WHAT YOU WILL DO → Without any pictures, restate the full set of records below exactly.

RECORDS SUPPLIED →

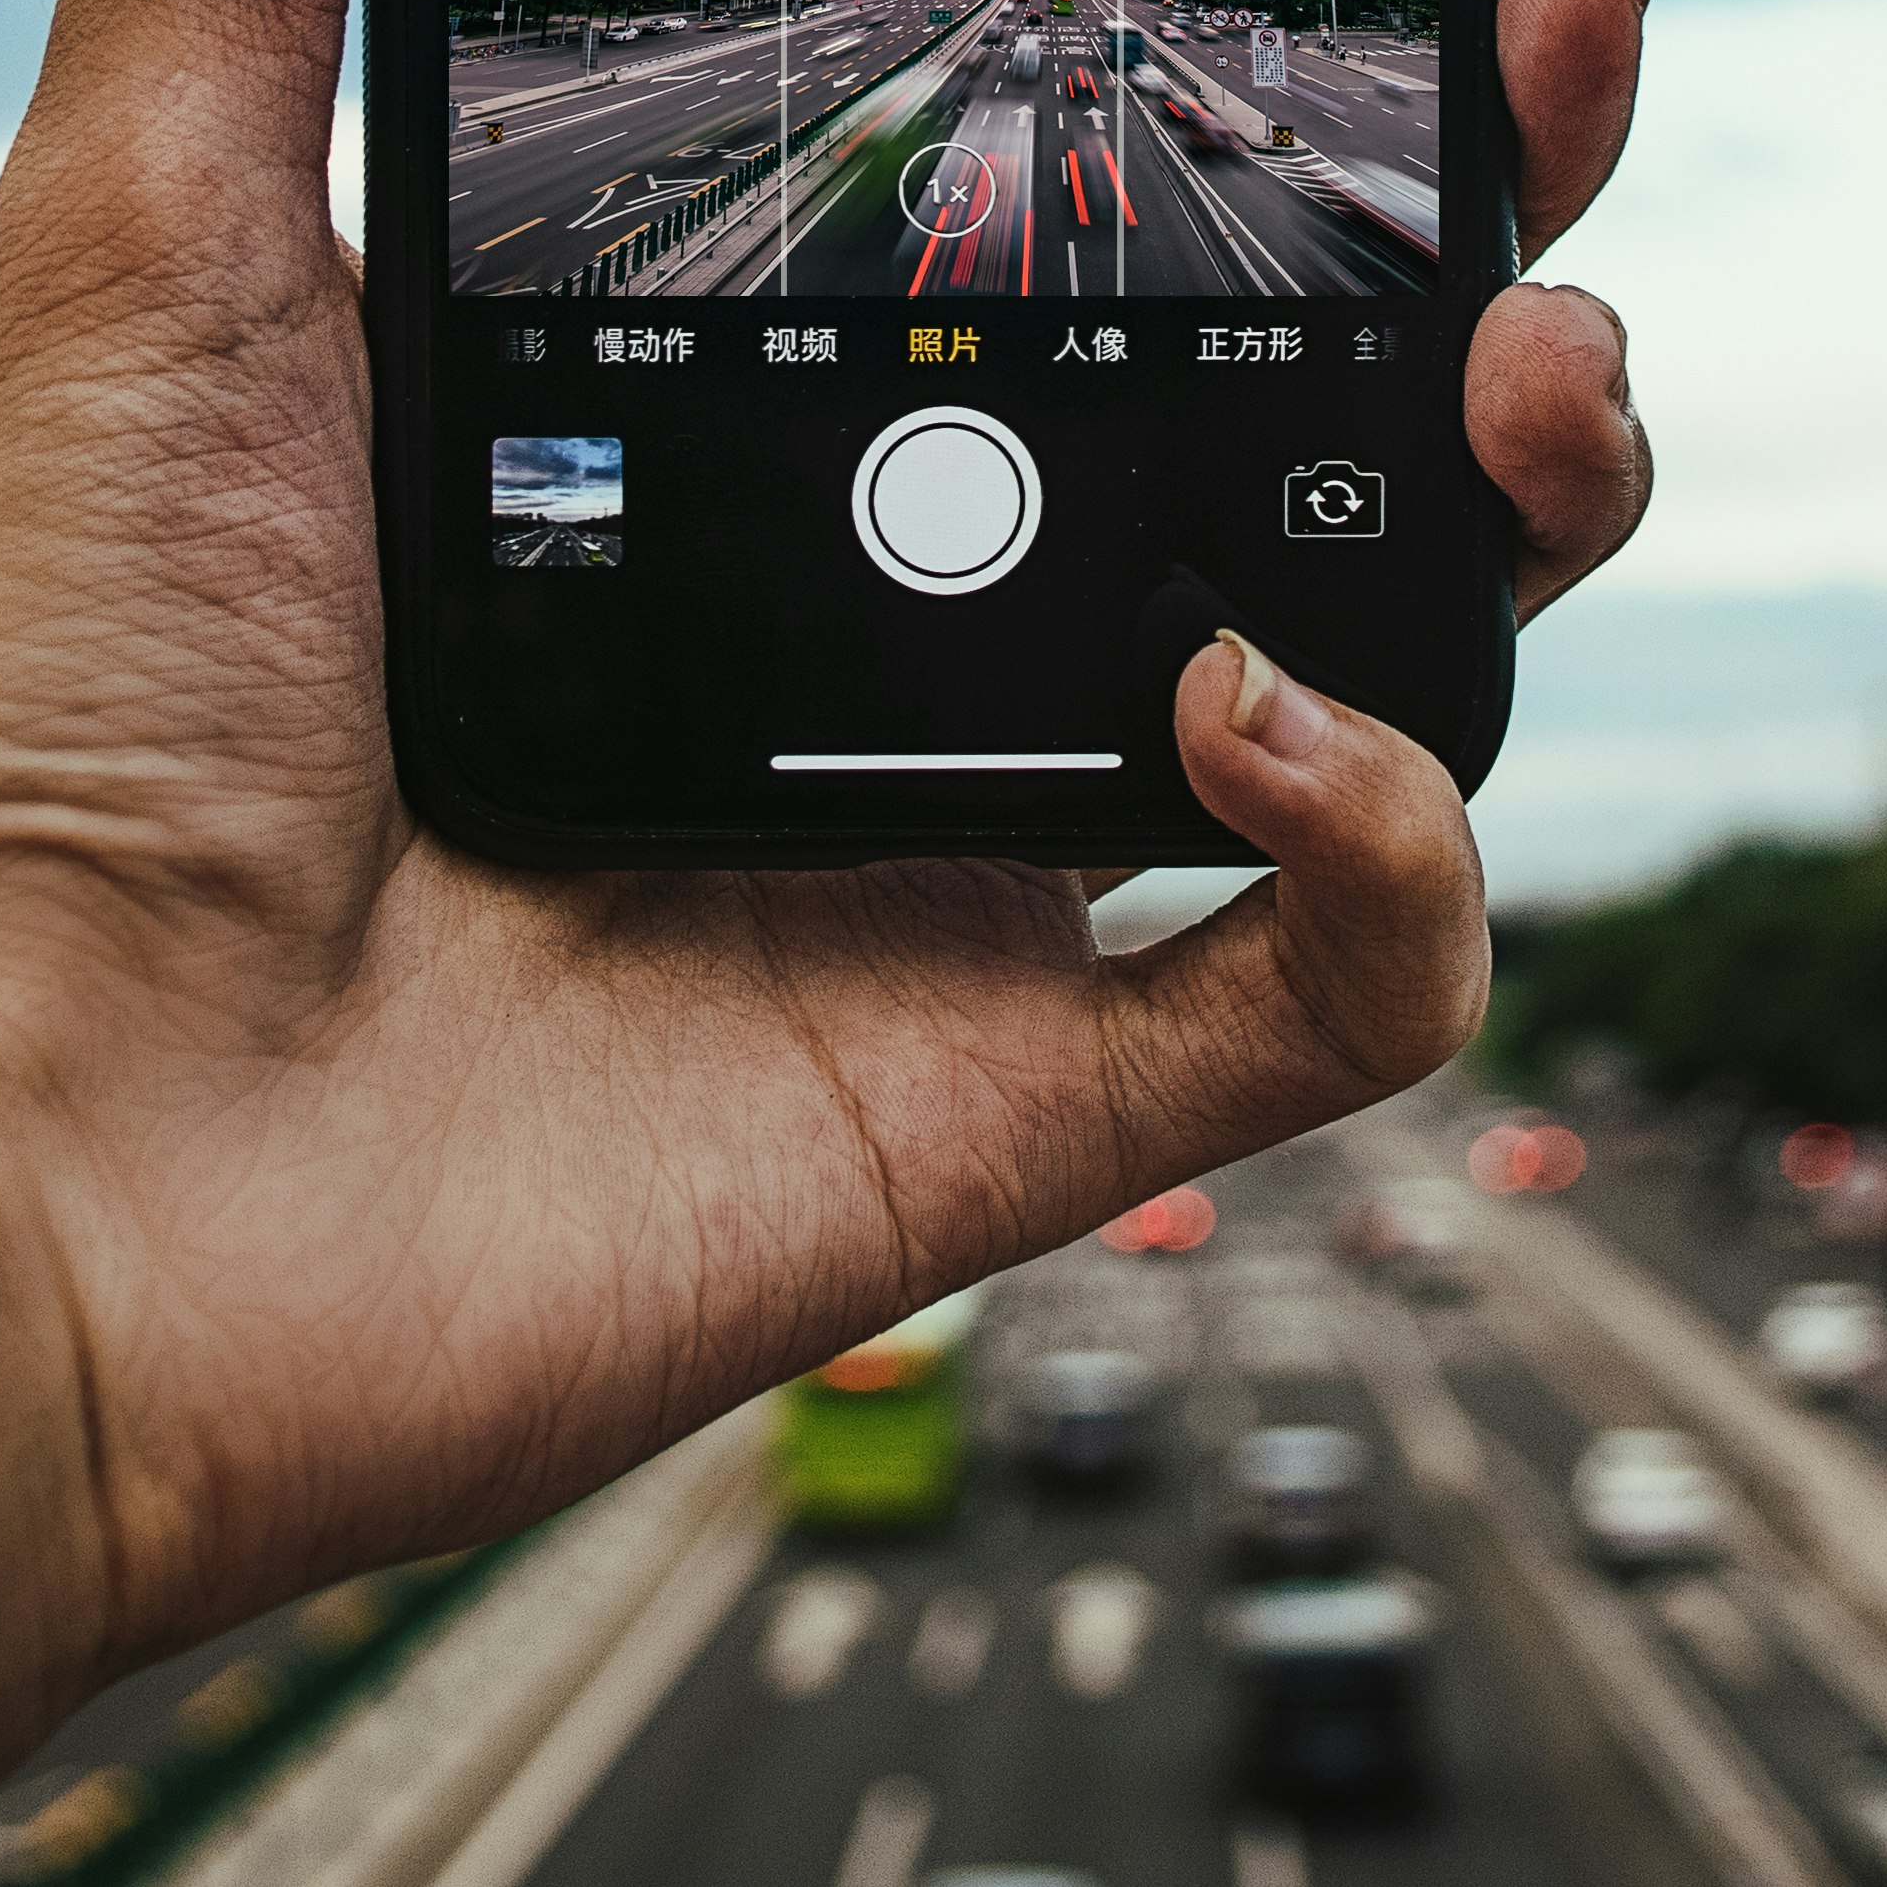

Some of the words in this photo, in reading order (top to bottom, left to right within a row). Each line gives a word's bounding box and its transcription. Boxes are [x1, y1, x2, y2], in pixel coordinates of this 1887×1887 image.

[926, 178, 969, 205] 1x
[594, 327, 696, 363] 慢动作
[761, 327, 838, 363] 视频
[909, 326, 982, 363] 照片
[1053, 326, 1129, 362] 人像
[1196, 326, 1303, 362] 正方形

REPLY →
Some of the words in this photo, in reading order (top to bottom, left to right within a row). Each line gives a word's bounding box and its transcription. Boxes are [x1, y1, x2, y2], in pixel coordinates of this 1887×1887 image.

[926, 178, 969, 205] 1x
[594, 327, 696, 363] 慢动作
[761, 327, 838, 363] 视频
[909, 326, 982, 363] 照片
[1053, 326, 1129, 362] 人像
[1196, 326, 1303, 362] 正方形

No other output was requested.